▶ **Exercise aim**
Starting with the line that contains "this 2048×1536 image." and ending with the final line of the data below, print those lines exactly and nothing else.

[Opening Information supplied section]

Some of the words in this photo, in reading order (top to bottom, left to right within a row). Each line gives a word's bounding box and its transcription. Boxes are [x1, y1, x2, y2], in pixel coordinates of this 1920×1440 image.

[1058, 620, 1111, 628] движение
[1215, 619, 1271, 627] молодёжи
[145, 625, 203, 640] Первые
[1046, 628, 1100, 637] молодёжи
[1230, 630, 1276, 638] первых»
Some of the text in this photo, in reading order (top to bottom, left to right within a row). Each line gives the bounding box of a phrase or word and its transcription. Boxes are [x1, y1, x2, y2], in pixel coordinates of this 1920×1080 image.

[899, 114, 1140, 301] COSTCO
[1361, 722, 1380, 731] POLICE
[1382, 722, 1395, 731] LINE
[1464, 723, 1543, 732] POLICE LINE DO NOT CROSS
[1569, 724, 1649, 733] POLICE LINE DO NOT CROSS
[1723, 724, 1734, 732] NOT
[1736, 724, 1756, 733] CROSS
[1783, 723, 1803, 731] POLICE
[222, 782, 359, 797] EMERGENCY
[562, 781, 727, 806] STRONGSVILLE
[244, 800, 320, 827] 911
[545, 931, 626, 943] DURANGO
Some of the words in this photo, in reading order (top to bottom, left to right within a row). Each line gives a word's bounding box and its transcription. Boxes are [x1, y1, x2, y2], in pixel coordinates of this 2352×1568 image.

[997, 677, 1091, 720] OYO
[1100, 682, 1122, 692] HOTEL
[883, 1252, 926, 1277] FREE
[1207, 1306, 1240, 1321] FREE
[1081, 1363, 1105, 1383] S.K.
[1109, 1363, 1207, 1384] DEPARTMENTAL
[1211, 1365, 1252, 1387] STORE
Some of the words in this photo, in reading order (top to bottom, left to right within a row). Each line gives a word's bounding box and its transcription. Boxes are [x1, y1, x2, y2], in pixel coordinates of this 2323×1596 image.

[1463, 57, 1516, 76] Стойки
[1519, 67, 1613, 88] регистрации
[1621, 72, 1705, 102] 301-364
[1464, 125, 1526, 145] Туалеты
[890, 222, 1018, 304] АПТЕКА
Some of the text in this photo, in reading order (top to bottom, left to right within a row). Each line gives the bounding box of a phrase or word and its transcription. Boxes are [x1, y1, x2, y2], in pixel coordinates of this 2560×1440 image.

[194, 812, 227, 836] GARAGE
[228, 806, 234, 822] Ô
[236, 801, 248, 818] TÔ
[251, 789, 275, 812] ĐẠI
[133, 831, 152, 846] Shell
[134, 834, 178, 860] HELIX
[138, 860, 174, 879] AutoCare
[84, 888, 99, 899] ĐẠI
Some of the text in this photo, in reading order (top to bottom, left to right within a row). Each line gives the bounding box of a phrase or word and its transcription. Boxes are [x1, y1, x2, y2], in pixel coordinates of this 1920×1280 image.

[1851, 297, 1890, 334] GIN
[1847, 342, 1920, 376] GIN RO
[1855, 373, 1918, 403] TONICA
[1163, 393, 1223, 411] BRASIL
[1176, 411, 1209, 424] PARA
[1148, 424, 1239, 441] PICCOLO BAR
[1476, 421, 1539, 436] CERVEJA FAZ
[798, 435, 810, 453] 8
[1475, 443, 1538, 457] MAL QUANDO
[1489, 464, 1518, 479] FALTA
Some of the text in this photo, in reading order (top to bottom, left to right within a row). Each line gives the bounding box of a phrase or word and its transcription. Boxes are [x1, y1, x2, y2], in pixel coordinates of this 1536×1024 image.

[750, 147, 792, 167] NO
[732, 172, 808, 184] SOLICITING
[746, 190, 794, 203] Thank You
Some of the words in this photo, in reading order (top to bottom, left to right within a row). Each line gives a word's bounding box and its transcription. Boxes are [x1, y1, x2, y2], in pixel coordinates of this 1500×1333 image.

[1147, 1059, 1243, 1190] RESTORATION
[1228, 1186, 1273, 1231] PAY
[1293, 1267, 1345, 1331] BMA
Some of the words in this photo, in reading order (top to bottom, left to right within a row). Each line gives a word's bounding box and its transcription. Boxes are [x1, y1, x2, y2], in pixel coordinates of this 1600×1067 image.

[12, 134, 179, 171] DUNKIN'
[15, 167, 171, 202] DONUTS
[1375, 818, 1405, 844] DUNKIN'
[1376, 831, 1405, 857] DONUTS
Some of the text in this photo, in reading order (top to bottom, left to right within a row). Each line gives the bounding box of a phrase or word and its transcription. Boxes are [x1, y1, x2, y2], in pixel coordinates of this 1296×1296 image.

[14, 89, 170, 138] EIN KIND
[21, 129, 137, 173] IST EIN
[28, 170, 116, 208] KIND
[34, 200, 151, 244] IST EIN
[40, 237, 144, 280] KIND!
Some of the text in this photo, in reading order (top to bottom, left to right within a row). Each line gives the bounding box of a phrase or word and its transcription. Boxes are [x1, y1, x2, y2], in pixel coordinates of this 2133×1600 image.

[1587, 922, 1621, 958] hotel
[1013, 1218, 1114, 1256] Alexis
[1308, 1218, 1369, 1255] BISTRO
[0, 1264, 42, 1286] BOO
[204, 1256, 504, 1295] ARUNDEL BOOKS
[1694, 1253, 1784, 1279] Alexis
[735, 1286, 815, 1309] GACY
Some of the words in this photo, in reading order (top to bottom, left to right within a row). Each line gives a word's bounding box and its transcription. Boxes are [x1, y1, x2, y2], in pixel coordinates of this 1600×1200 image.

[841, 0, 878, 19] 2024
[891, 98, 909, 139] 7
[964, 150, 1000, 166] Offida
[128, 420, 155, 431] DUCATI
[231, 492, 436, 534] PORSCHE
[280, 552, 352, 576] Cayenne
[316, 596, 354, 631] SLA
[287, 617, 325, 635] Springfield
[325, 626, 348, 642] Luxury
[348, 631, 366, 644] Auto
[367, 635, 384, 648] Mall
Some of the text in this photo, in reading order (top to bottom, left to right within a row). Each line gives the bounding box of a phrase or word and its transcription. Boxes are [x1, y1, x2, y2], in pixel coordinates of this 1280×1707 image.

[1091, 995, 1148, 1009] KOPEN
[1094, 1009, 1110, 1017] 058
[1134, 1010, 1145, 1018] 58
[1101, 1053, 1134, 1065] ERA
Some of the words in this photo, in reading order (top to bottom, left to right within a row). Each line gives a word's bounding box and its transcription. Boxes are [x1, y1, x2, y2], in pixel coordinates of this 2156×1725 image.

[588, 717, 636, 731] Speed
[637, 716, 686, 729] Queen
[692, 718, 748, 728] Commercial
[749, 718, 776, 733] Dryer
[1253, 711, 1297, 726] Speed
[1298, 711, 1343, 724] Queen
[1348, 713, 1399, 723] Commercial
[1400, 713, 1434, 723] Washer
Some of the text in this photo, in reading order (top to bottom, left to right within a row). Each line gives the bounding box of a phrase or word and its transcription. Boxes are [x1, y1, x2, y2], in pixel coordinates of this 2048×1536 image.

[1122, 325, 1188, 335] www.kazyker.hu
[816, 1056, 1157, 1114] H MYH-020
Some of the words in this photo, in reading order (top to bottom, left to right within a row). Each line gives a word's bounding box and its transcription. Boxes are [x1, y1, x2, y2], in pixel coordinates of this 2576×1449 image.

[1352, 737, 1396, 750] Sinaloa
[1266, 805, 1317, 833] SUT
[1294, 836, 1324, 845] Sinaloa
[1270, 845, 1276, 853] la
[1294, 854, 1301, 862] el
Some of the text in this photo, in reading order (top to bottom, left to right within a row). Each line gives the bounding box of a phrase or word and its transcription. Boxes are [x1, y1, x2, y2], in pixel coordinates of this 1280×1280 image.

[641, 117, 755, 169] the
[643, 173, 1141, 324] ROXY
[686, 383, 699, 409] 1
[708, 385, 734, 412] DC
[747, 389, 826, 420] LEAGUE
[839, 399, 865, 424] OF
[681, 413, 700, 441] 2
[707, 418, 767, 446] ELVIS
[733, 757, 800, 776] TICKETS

[Closing Information supplied section]

▶ **Solution to this problem**
Some of the text in this photo, in reading order (top to bottom, left to right within a row). Each line gives the bounding box of a phrase or word and its transcription. Boxes are [x1, y1, x2, y2], in pixel coordinates of this 2048×1536 image.

[1122, 325, 1188, 335] www.kazyker.hu
[816, 1056, 1157, 1114] H MYH-020
Some of the words in this photo, in reading order (top to bottom, left to right within a row). Each line gives a word's bounding box and its transcription. Boxes are [x1, y1, x2, y2], in pixel coordinates of this 2576×1449 image.

[1352, 737, 1396, 750] Sinaloa
[1266, 805, 1317, 833] SUT
[1294, 836, 1324, 845] Sinaloa
[1270, 845, 1276, 853] la
[1294, 854, 1301, 862] el
Some of the text in this photo, in reading order (top to bottom, left to right within a row). Each line gives the bounding box of a phrase or word and its transcription. Boxes are [x1, y1, x2, y2], in pixel coordinates of this 1280×1280 image.

[641, 117, 755, 169] the
[643, 173, 1141, 324] ROXY
[686, 383, 699, 409] 1
[708, 385, 734, 412] DC
[747, 389, 826, 420] LEAGUE
[839, 399, 865, 424] OF
[681, 413, 700, 441] 2
[707, 418, 767, 446] ELVIS
[733, 757, 800, 776] TICKETS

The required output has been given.